WORK ORDER →
The line containing "this 1333×1500 image." and every line after it through the end of the records: return those exactly, and nothing more.

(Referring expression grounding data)
+-------+

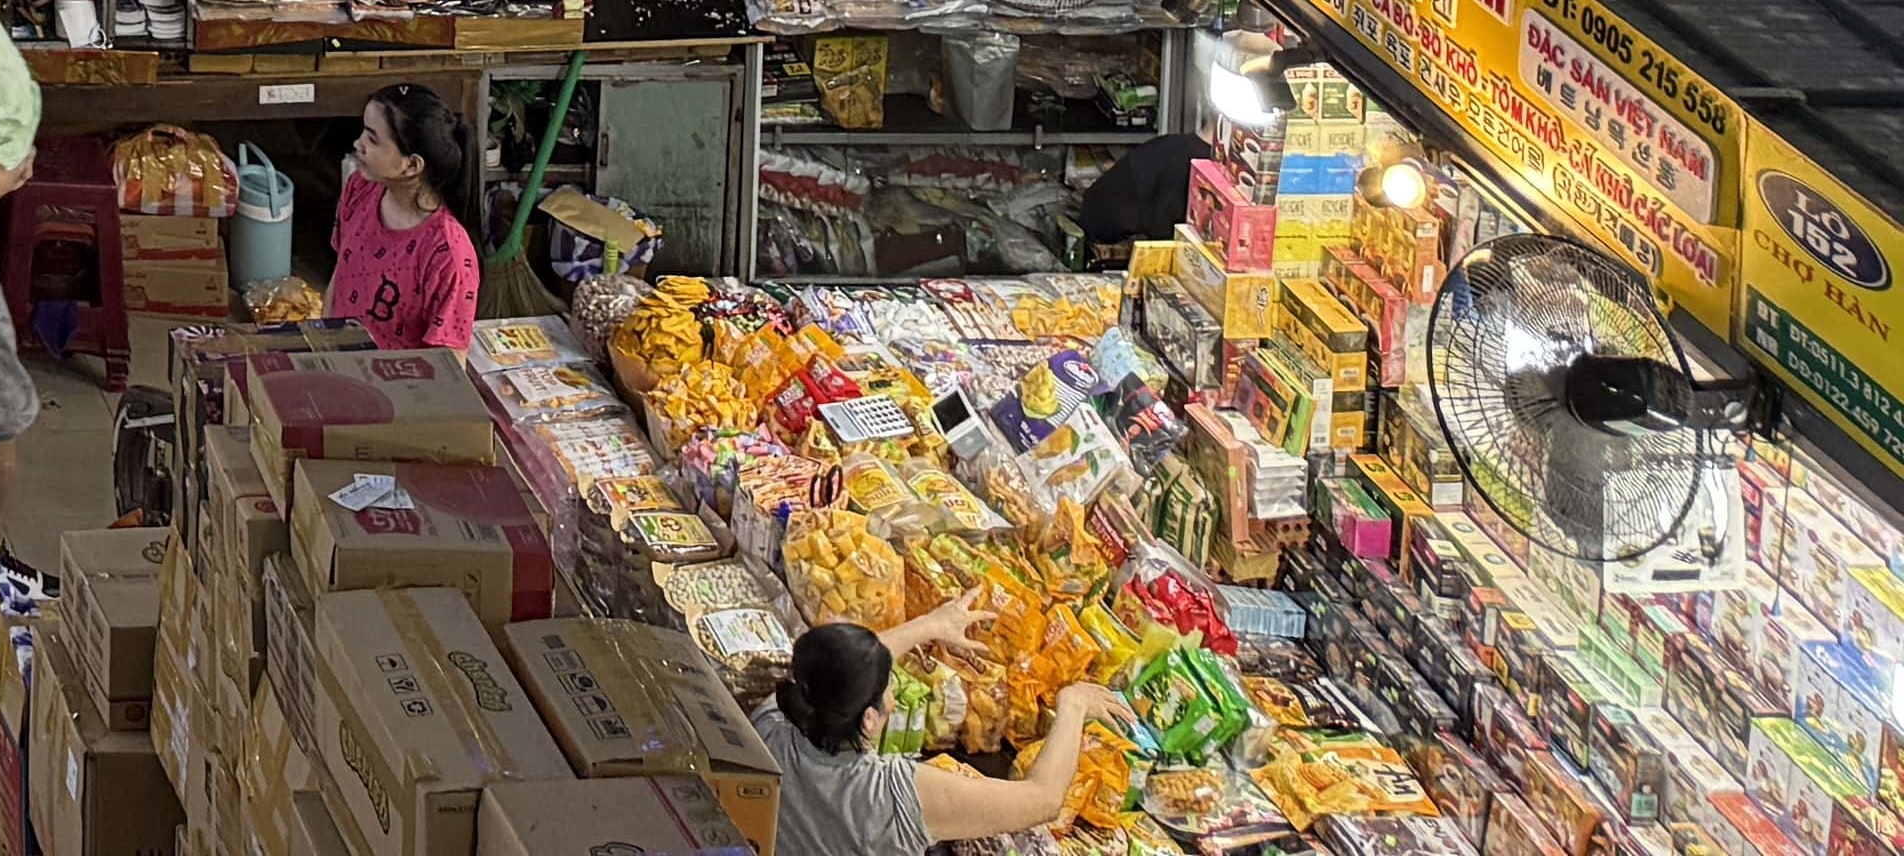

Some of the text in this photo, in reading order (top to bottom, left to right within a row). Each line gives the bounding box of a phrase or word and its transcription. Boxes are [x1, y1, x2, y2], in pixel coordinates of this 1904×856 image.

[1528, 24, 1708, 181] ĐẶC SẢN VIỆT NAM
[1581, 6, 1633, 63] 0905
[1640, 51, 1678, 98] 215
[1683, 81, 1726, 135] 558
[1754, 229, 1891, 342] CHỢ HÀN
[1788, 190, 1857, 277] LÔ 152
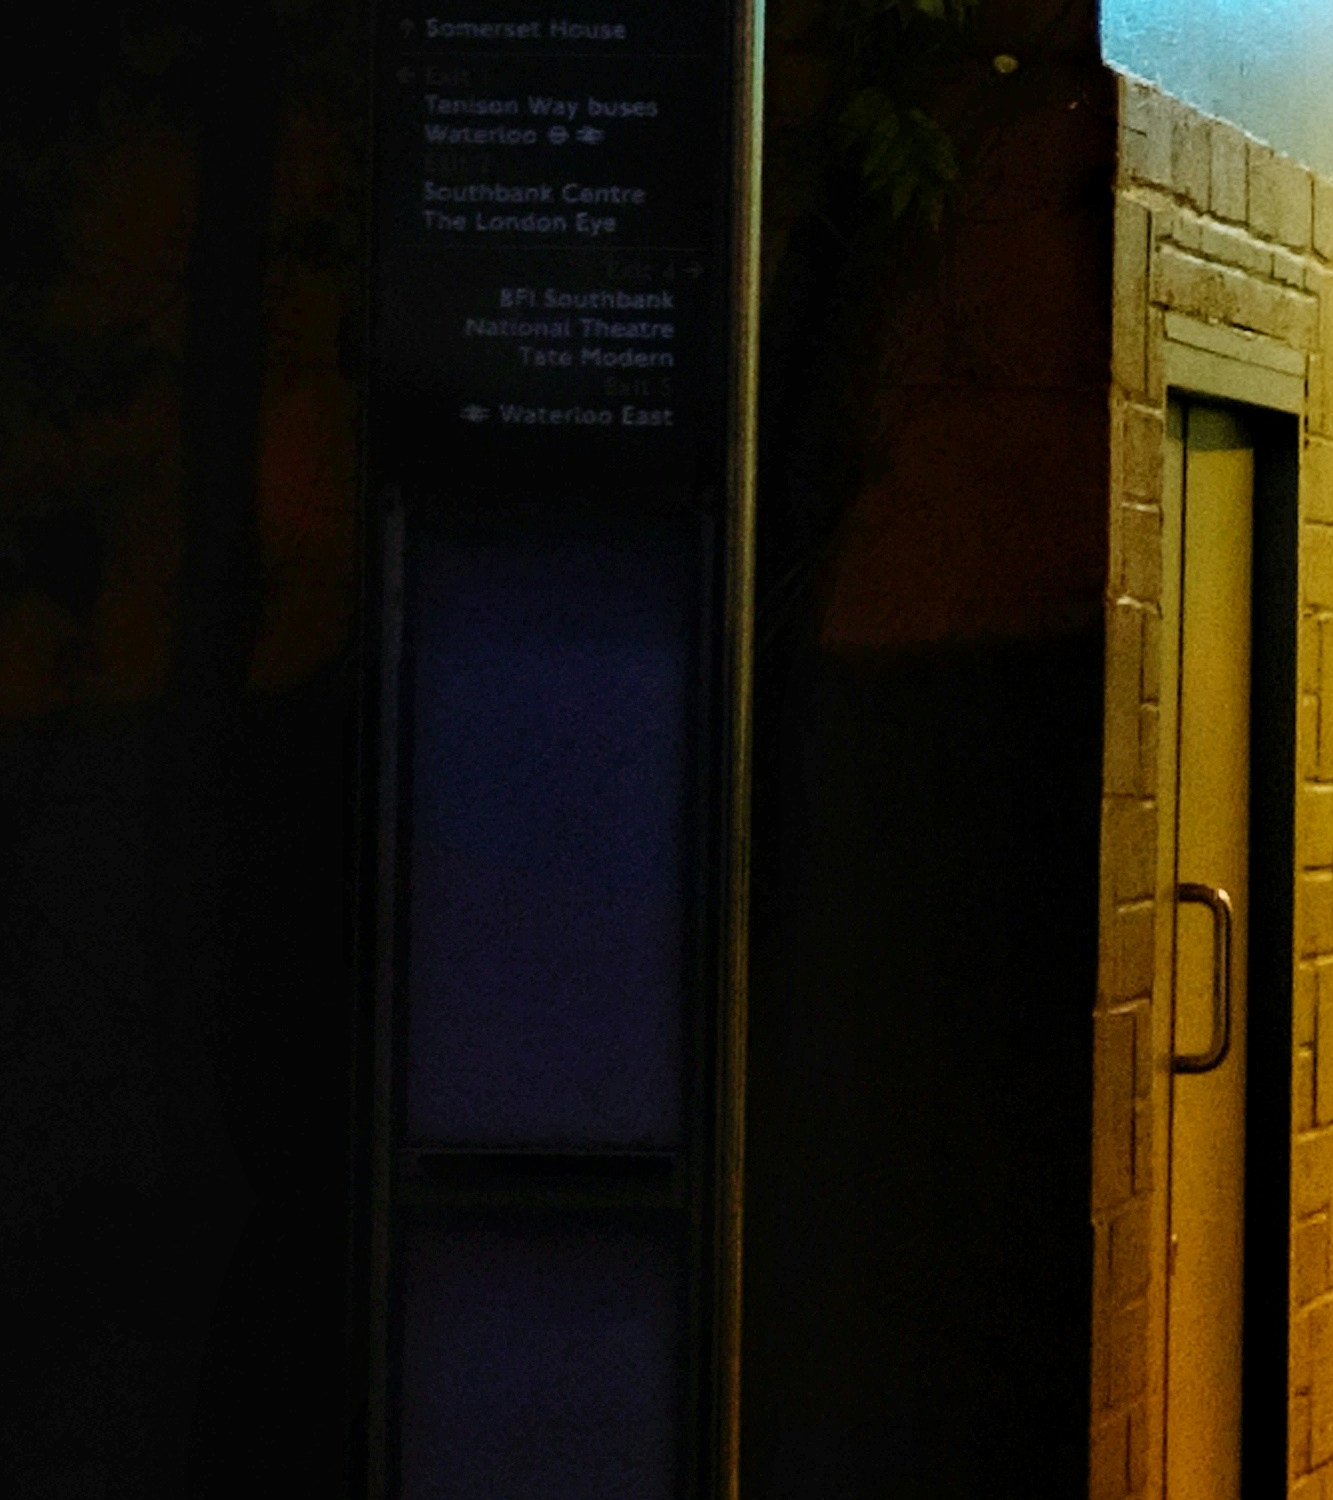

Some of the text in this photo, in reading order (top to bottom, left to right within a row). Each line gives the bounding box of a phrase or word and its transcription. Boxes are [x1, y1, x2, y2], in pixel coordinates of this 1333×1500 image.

[426, 17, 627, 40] Somerset House
[424, 93, 659, 121] Tenison Way buses
[424, 123, 538, 145] Waterloo
[423, 180, 647, 205] Southbank Centre
[423, 209, 617, 237] The London Eye
[500, 287, 676, 310] BFI Southbank
[464, 317, 676, 339] National Theatre
[519, 345, 676, 369] Tate Modern
[500, 403, 675, 428] Waterloo East

+-------+

PROBLEM SOLUTION →
Some of the text in this photo, in reading order (top to bottom, left to right within a row). Each line gives the bounding box of a phrase or word and its transcription. Boxes are [x1, y1, x2, y2], in pixel coordinates of this 1333×1500 image.

[426, 17, 627, 40] Somerset House
[424, 93, 659, 121] Tenison Way buses
[424, 123, 538, 145] Waterloo
[423, 180, 647, 205] Southbank Centre
[423, 209, 617, 237] The London Eye
[500, 287, 676, 310] BFI Southbank
[464, 317, 676, 339] National Theatre
[519, 345, 676, 369] Tate Modern
[500, 403, 675, 428] Waterloo East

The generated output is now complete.